(Spatial localization data)

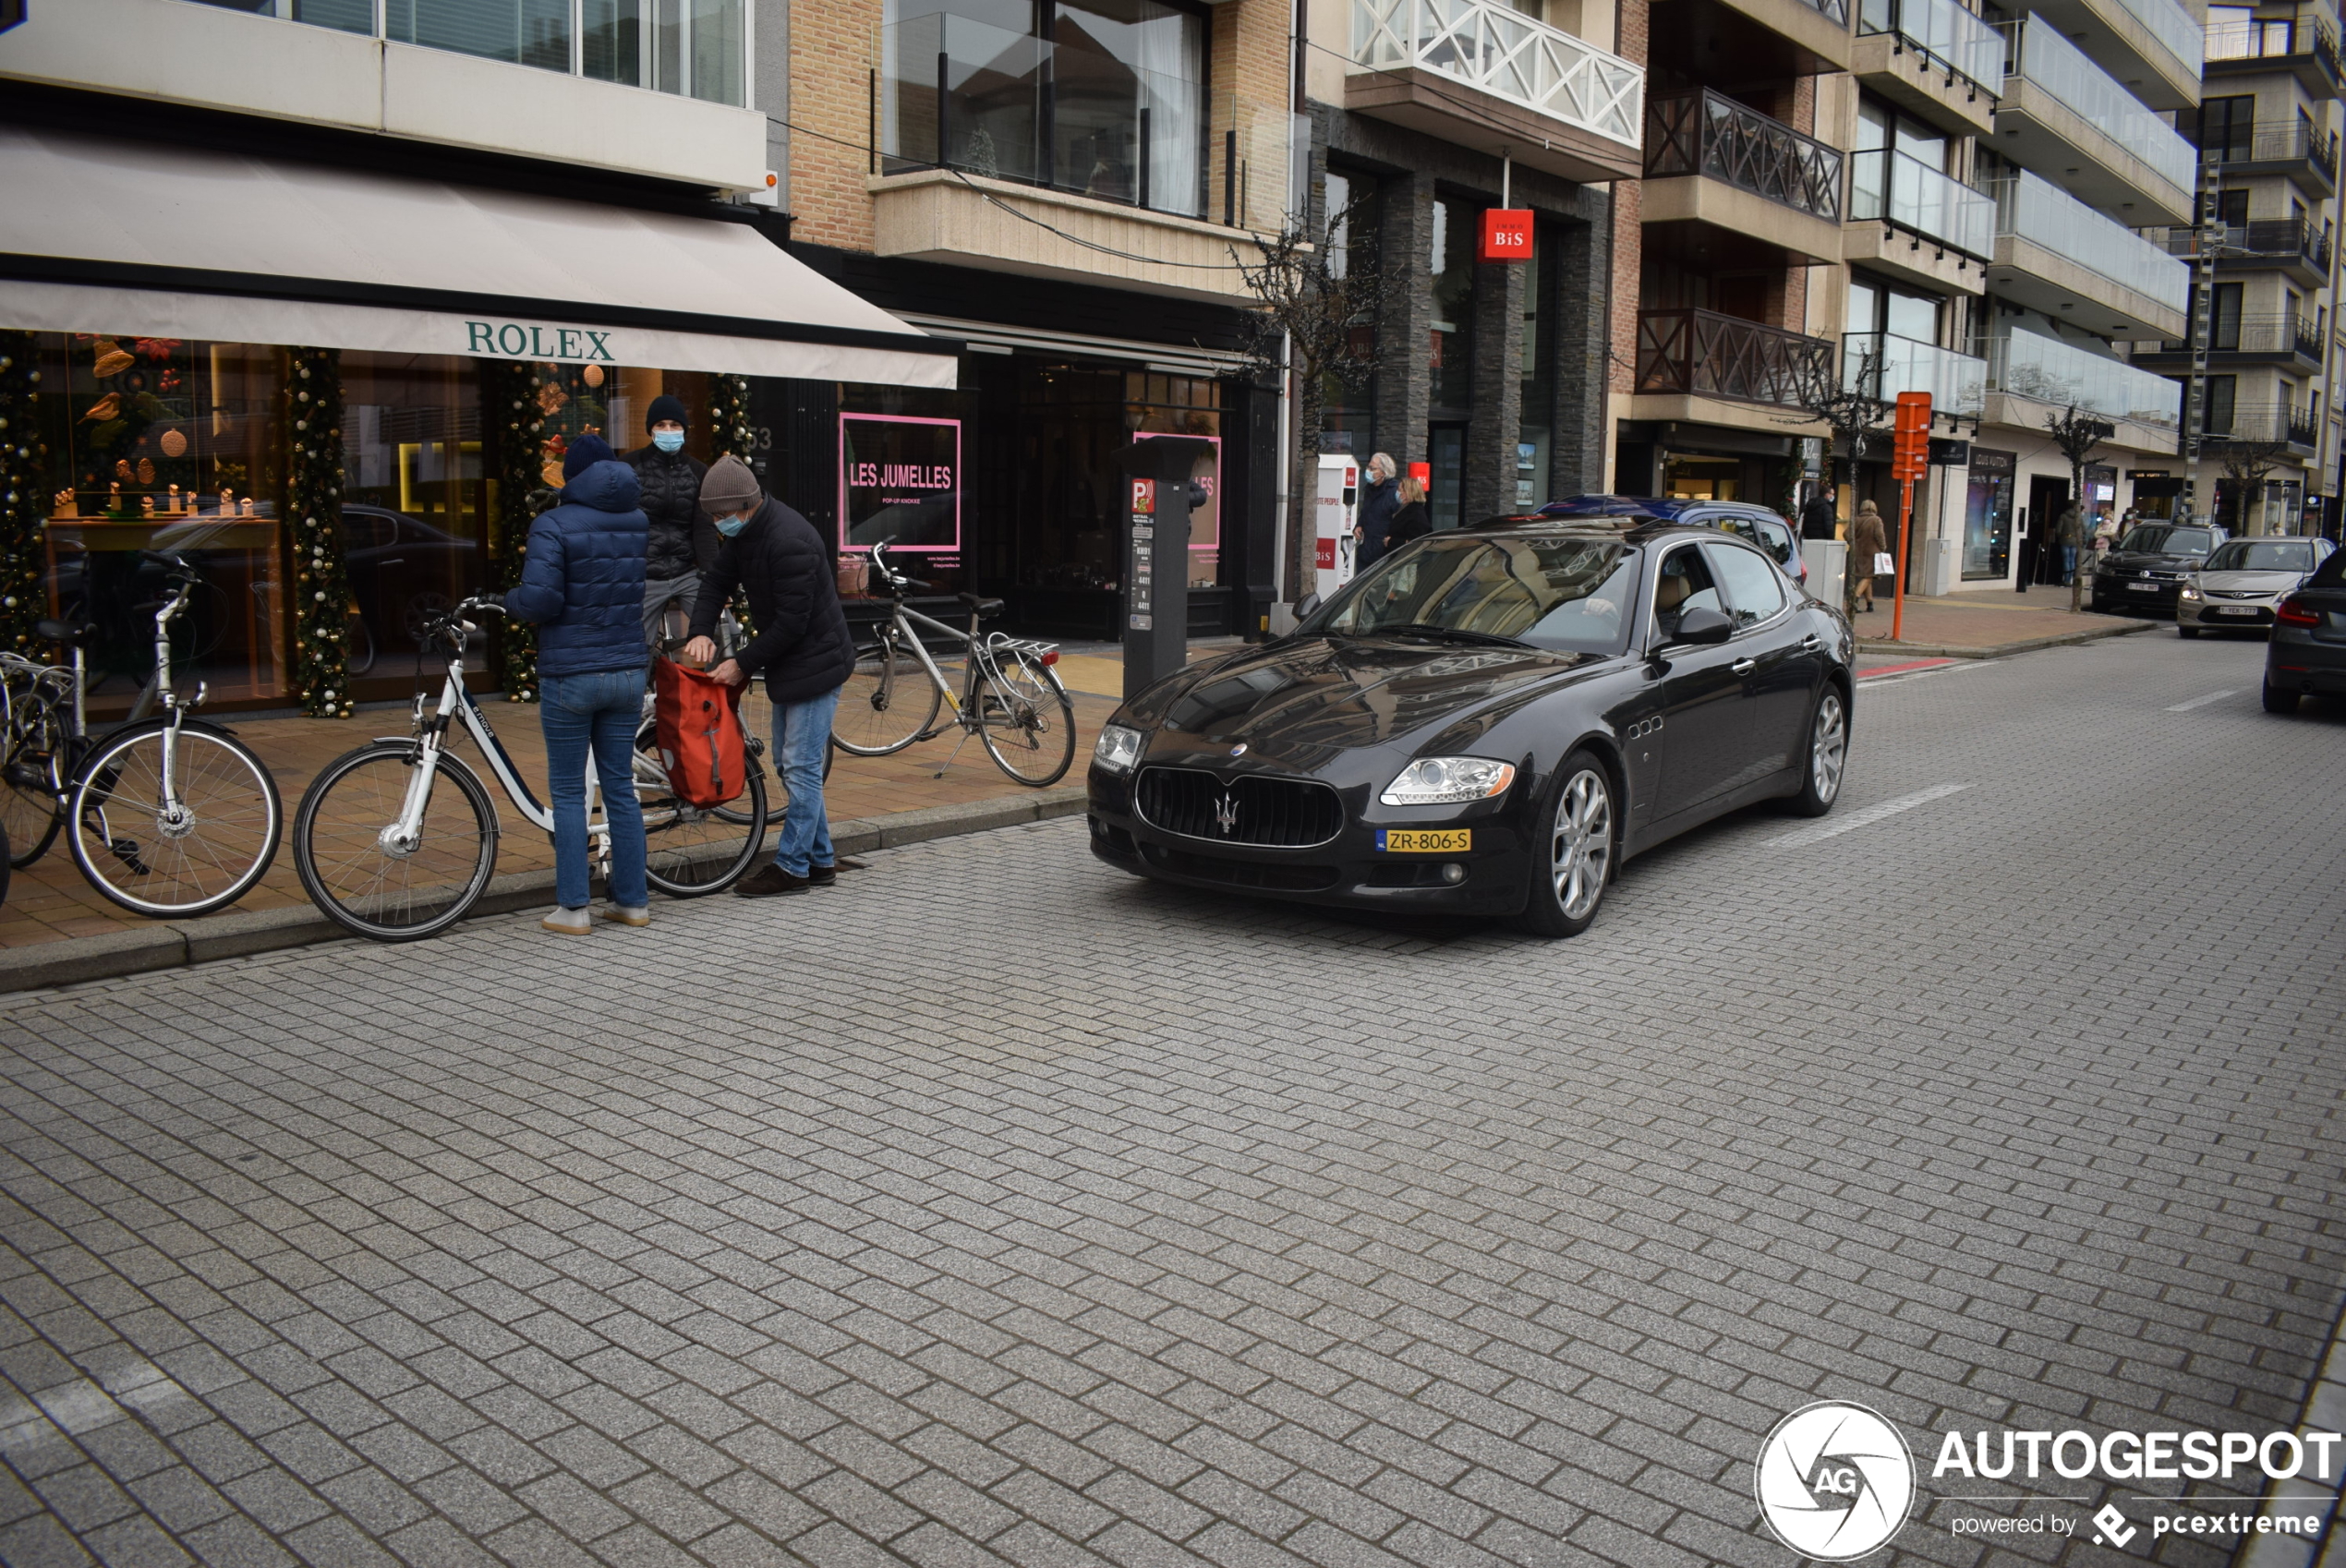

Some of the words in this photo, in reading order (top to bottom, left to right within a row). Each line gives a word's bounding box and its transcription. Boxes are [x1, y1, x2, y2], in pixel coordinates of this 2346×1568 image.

[1494, 232, 1523, 246] BiS
[465, 321, 615, 361] ROLEX
[850, 463, 877, 487] LES
[880, 464, 951, 488] JUMELLES
[1133, 482, 1146, 508] P
[1390, 833, 1467, 849] ZR-806-S
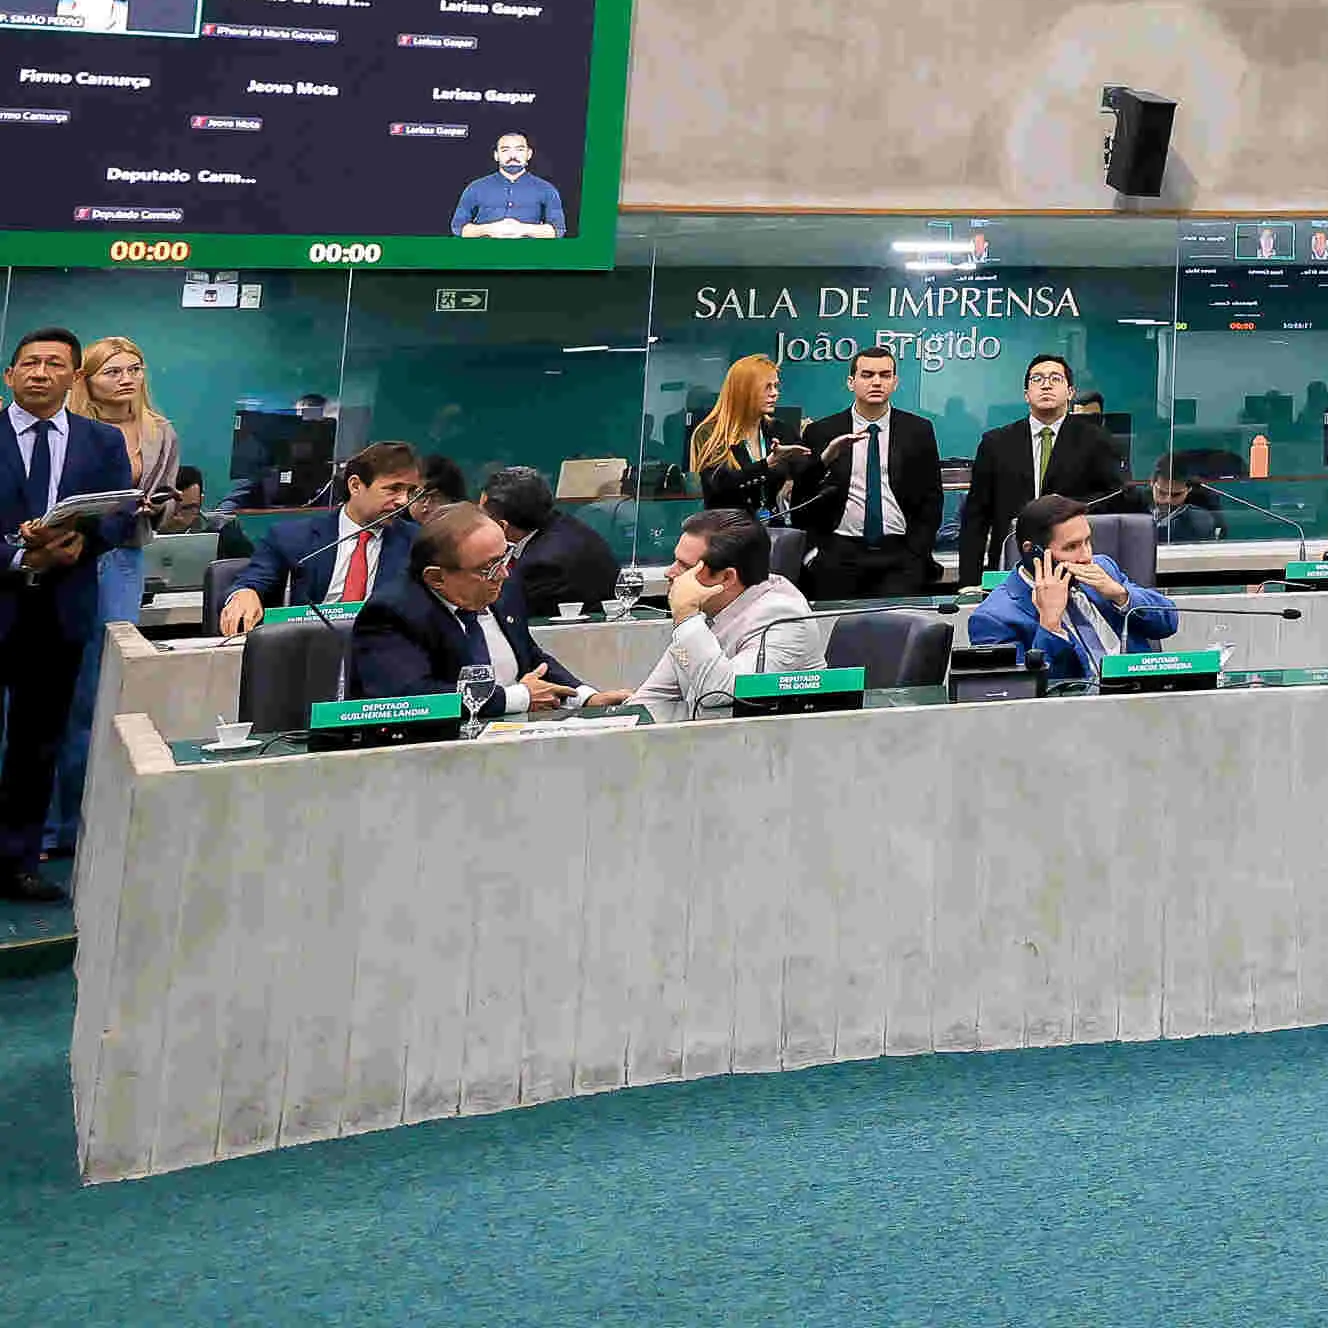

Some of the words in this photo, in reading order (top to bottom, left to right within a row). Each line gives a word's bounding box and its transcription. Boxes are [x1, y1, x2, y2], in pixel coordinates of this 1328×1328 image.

[What is expected]:
Omitting the pictures, copy each record above exactly as it stands.

[Answer box]:
Some of the words in this photo, in reading order (top to bottom, left to right within a row). Each line gives a word's bounding box and its transcription. Boxes are [x1, y1, x2, y2], in pixel coordinates of this 2346×1568 image.

[1494, 232, 1523, 246] BiS
[465, 321, 615, 361] ROLEX
[850, 463, 877, 487] LES
[880, 464, 951, 488] JUMELLES
[1133, 482, 1146, 508] P
[1390, 833, 1467, 849] ZR-806-S

Some of the words in this photo, in reading order (top to bottom, left to right within a row). Each line gives a word's bounding box and its transcription. Boxes are [x1, y1, x2, y2], in pixel coordinates of this 1328×1328 image.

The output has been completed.